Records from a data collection
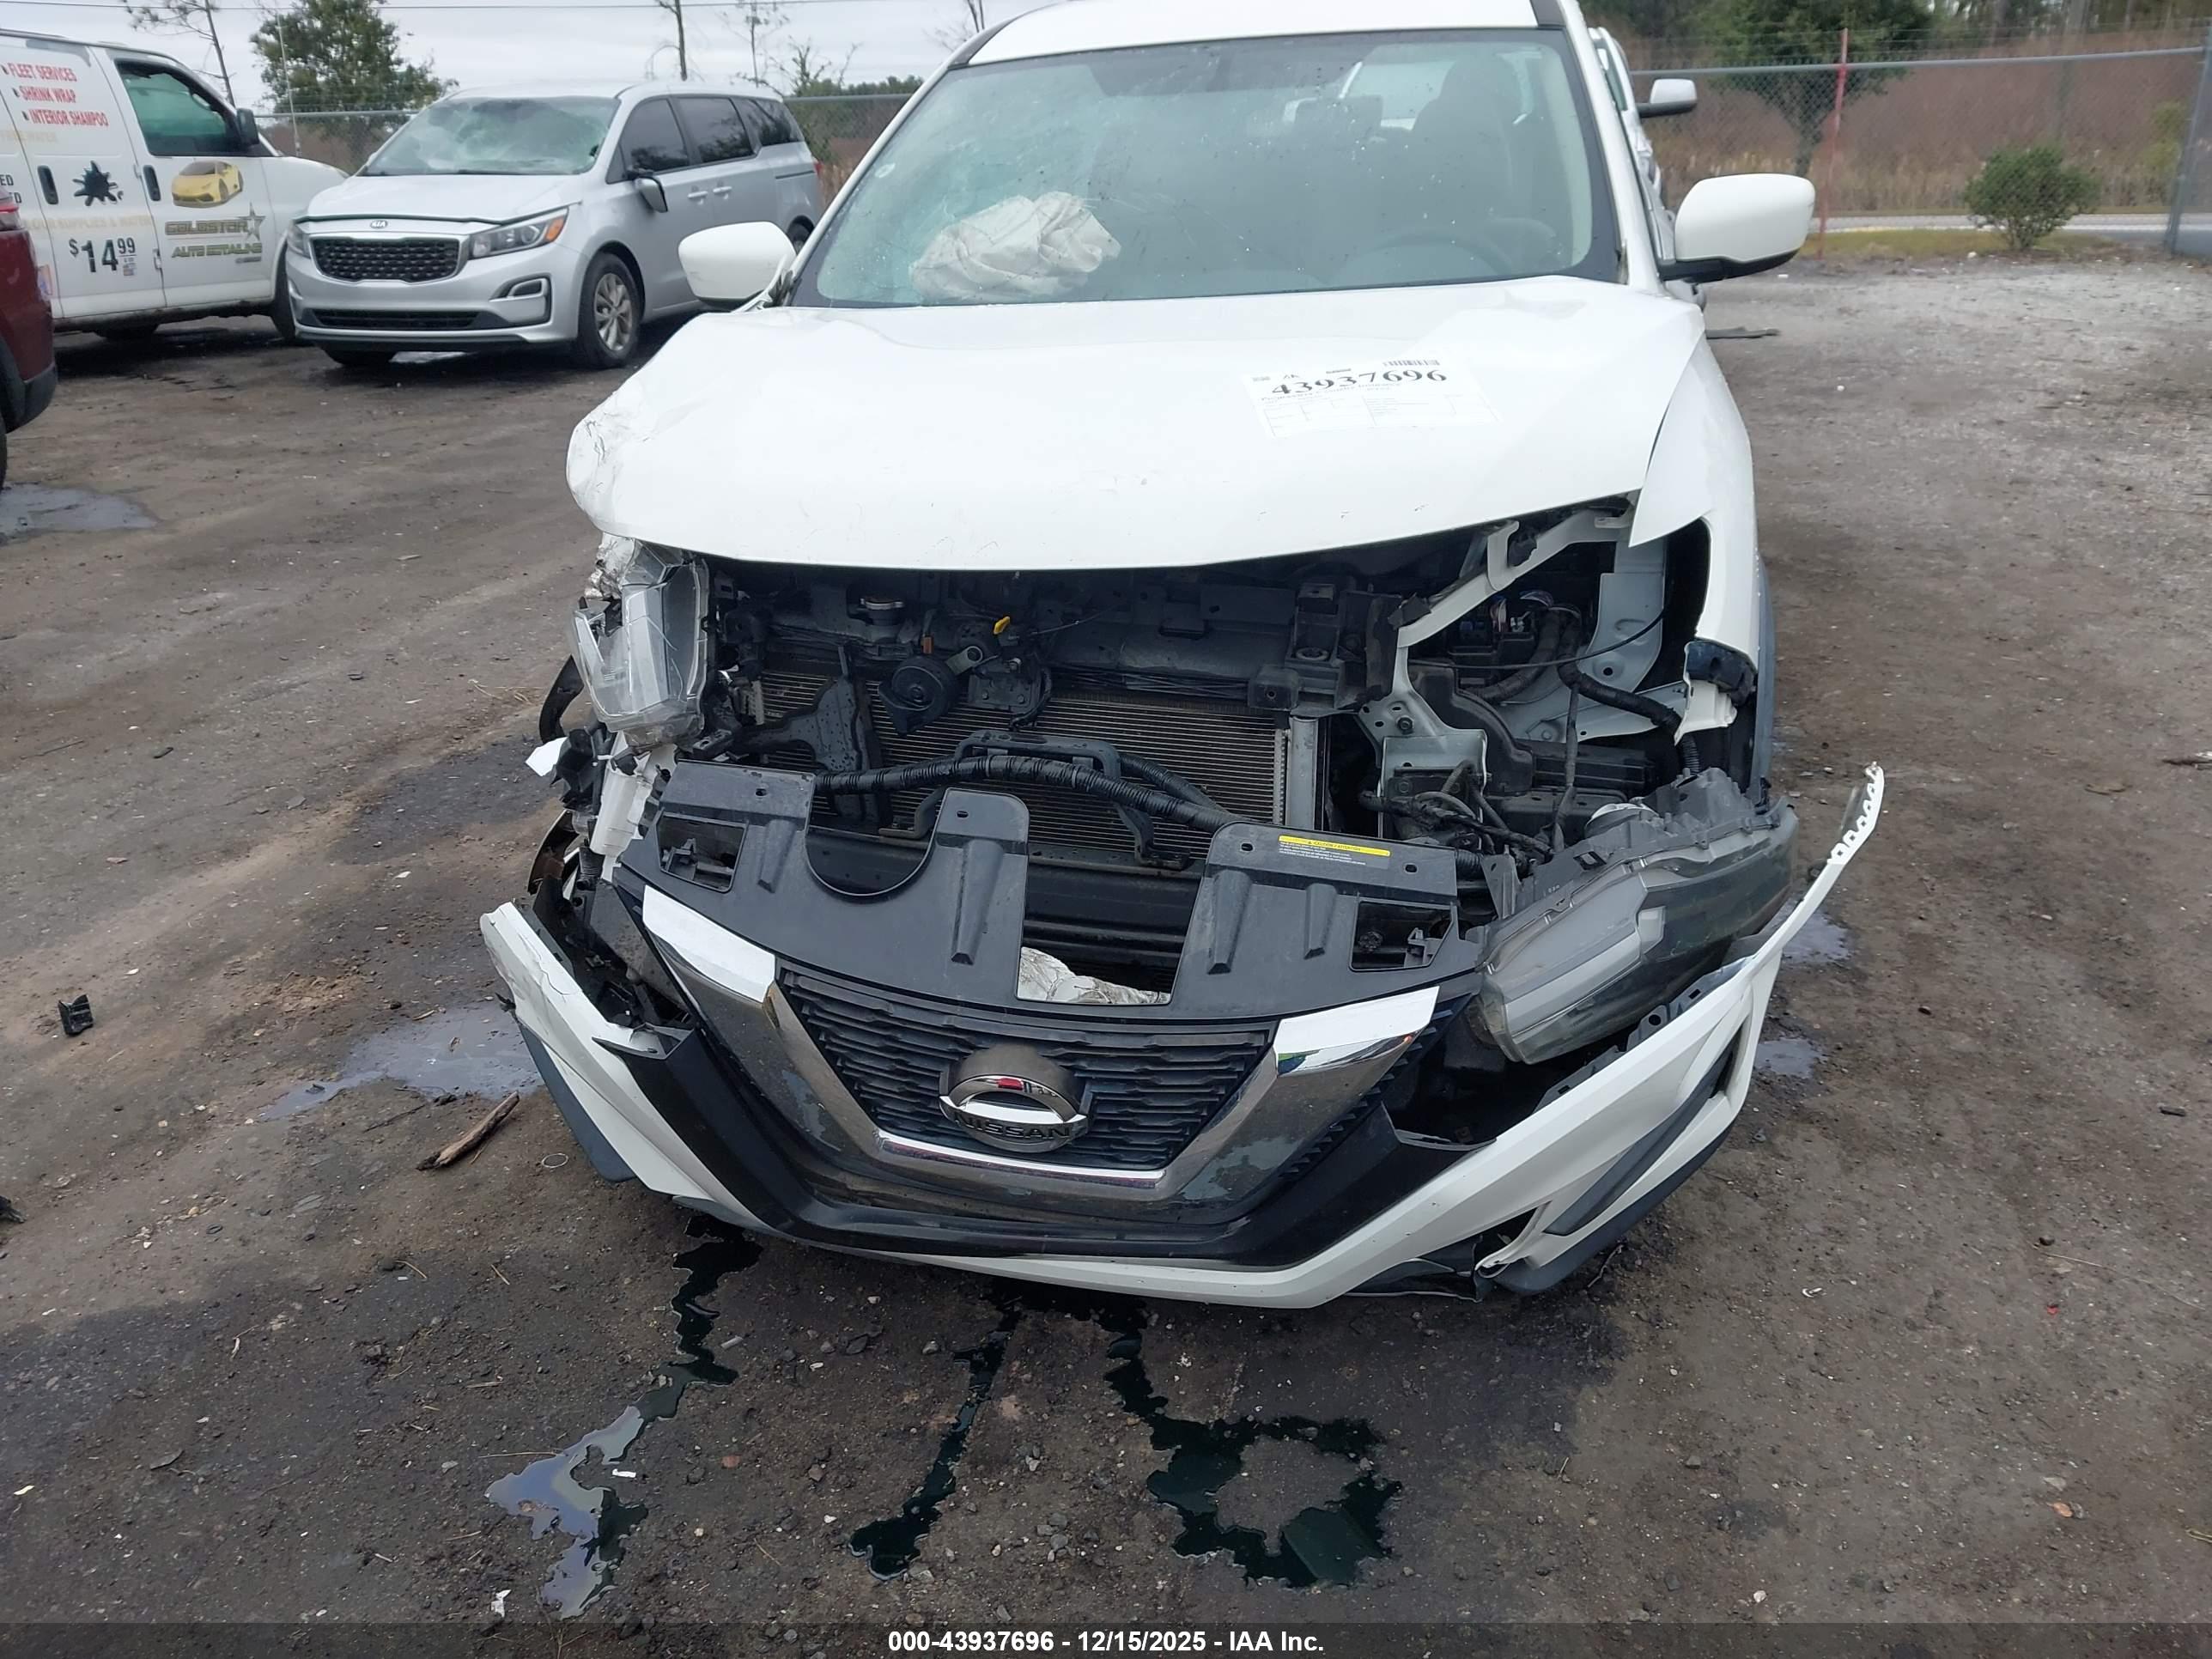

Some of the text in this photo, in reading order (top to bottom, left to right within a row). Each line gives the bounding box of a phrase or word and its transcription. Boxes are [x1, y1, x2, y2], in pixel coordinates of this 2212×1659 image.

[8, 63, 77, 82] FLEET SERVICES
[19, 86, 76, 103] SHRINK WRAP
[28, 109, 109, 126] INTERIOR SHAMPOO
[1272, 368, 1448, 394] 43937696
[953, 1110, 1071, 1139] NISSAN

YOUR TASK
All entries above must be repeated exactly; pictures are to be left out.

EXERCISE RESULT
Some of the text in this photo, in reading order (top to bottom, left to right within a row). Each line gives the bounding box of a phrase or word and its transcription. Boxes are [x1, y1, x2, y2], in pixel coordinates of this 2212×1659 image.

[8, 63, 77, 82] FLEET SERVICES
[19, 86, 76, 103] SHRINK WRAP
[28, 109, 109, 126] INTERIOR SHAMPOO
[1272, 368, 1448, 394] 43937696
[953, 1110, 1071, 1139] NISSAN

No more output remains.